Unlock a world of possibilities! Login now and discover the exclusive benefits awaiting you.
Hypothetical case. Imagine a very big fact table (more than a billion rows). The data is in QVDs divided by years. For example:
FACT_2015.qvd
FACT_2016.qvd
FACT_2017.qvd
etc
Each qvd has about 20 fields and the average size is 200 MB.
To load them we have two methods
First an implicit concatenate (pseudo code):
FACT:
load * from FACT_*.qvd
or an explicit concatenate (always pseudo code)
set Firstyear=2015
set LastYear=2025
for i=$(Firstyear) to $(LastYear)
if i=$(Firstyear) then
set vTable='FACT:'
else
set vTable='Concatenate (FACT)'
end if
$(vTable)
load * from FACT_$(i).qvd
next
In terms of loading speed, would the two methods be equivalent or is one better than the other? I don't have data of this size at the moment, so I wanted to know if anyone had already done some tests in this sense 🙂
I would expect no significantly difference in the run-times because it's always a loop-approach regardless if it's performed with an implicit syntax or an explicit ones. The iterations and/or the variable-evaluating should not be noticeable against the loads itself.
Personally I prefer the explicit approach but I wouldn't take this for-loop and also not setting the concatenate-statement else using:
for each file in filelist('FullPathWithPattern')
t: load F1, F2, F3, ... from [$(file)] (qvd);
next
Most important will be to ensure that the loads are optimized which means all files have the identically data-structure and no transformations are applied - unless a single where exists() is allowed.
I would expect no significantly difference in the run-times because it's always a loop-approach regardless if it's performed with an implicit syntax or an explicit ones. The iterations and/or the variable-evaluating should not be noticeable against the loads itself.

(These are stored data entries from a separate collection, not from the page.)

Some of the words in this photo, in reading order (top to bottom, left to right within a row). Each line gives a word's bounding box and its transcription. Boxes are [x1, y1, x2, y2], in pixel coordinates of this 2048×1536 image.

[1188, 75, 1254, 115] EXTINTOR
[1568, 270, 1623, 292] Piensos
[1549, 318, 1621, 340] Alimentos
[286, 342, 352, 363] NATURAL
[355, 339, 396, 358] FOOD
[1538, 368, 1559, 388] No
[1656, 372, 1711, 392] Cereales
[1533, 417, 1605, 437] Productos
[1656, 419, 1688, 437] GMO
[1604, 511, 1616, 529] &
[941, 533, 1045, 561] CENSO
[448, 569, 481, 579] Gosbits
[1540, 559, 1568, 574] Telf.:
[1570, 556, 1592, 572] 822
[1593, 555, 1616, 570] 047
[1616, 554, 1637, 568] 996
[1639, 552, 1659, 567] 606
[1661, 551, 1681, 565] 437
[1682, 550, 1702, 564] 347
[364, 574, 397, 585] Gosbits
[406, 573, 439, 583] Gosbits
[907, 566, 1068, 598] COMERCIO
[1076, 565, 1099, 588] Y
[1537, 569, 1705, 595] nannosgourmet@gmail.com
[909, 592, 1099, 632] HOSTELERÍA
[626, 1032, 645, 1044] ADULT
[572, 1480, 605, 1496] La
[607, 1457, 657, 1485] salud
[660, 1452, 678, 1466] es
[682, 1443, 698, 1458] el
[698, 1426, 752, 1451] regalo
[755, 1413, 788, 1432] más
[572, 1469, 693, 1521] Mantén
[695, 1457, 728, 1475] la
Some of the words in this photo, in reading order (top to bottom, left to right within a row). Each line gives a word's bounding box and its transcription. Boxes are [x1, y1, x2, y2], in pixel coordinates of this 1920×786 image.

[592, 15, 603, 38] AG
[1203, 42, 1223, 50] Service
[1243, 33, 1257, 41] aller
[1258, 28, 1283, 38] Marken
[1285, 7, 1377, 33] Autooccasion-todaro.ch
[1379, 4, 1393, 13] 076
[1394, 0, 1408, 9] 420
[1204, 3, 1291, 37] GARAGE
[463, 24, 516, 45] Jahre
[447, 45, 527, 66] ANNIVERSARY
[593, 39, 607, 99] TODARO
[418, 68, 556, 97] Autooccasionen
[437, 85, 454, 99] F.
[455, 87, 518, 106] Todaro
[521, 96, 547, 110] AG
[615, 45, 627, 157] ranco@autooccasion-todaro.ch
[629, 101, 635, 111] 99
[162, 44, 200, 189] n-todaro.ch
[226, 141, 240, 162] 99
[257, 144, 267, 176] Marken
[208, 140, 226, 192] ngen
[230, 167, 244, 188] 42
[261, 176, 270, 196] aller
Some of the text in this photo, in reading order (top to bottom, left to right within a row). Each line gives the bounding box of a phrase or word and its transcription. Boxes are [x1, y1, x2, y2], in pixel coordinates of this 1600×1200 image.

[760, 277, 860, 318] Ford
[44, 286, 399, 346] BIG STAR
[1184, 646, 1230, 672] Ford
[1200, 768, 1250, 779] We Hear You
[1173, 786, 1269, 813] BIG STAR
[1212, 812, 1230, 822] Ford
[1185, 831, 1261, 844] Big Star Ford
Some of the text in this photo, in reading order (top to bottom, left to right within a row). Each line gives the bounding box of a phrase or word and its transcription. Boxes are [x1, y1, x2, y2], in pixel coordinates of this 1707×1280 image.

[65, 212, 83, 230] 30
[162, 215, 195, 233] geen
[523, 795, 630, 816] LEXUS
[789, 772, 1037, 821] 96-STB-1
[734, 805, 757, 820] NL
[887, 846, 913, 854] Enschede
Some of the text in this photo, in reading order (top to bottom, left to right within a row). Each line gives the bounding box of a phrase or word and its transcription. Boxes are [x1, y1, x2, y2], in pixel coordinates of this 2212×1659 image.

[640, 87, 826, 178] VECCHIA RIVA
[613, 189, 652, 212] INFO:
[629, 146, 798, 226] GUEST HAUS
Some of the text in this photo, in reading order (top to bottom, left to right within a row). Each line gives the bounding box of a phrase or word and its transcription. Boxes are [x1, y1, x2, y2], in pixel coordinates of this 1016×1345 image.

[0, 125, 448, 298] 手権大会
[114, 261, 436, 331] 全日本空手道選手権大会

Personally I prefer the explicit approach but I wouldn't take this for-loop and also not setting the concatenate-statement else using:
for each file in filelist('FullPathWithPattern')
t: load F1, F2, F3, ... from [$(file)] (qvd);
next
Most important will be to ensure that the loads are optimized which means all files have the identically data-structure and no transformations are applied - unless a single where exists() is allowed.
Thanks. My other curiosity is that implicit concatenation obviously only works if there are the same fields on all QVDs. So I suppose that QS must do this check before saying "Ok, they are the same, let's concatenate them!". If I explicitly use the prefix "concatenate", wouldn't it be like telling QS "Ok, don't worry, concatenate them without doing checks"? I don't know if this leads to an actual time saving, I'm thinking of situations with a lot of QVDs or similar.
Without specifying an explicit concatenate(MyTable) statement only tables with the identical data-structure are merged. If the tables have a different data-structure you will mandatory need the explicit statement. But different data-structures will break the optimized load - and this should be avoided by larger data-set.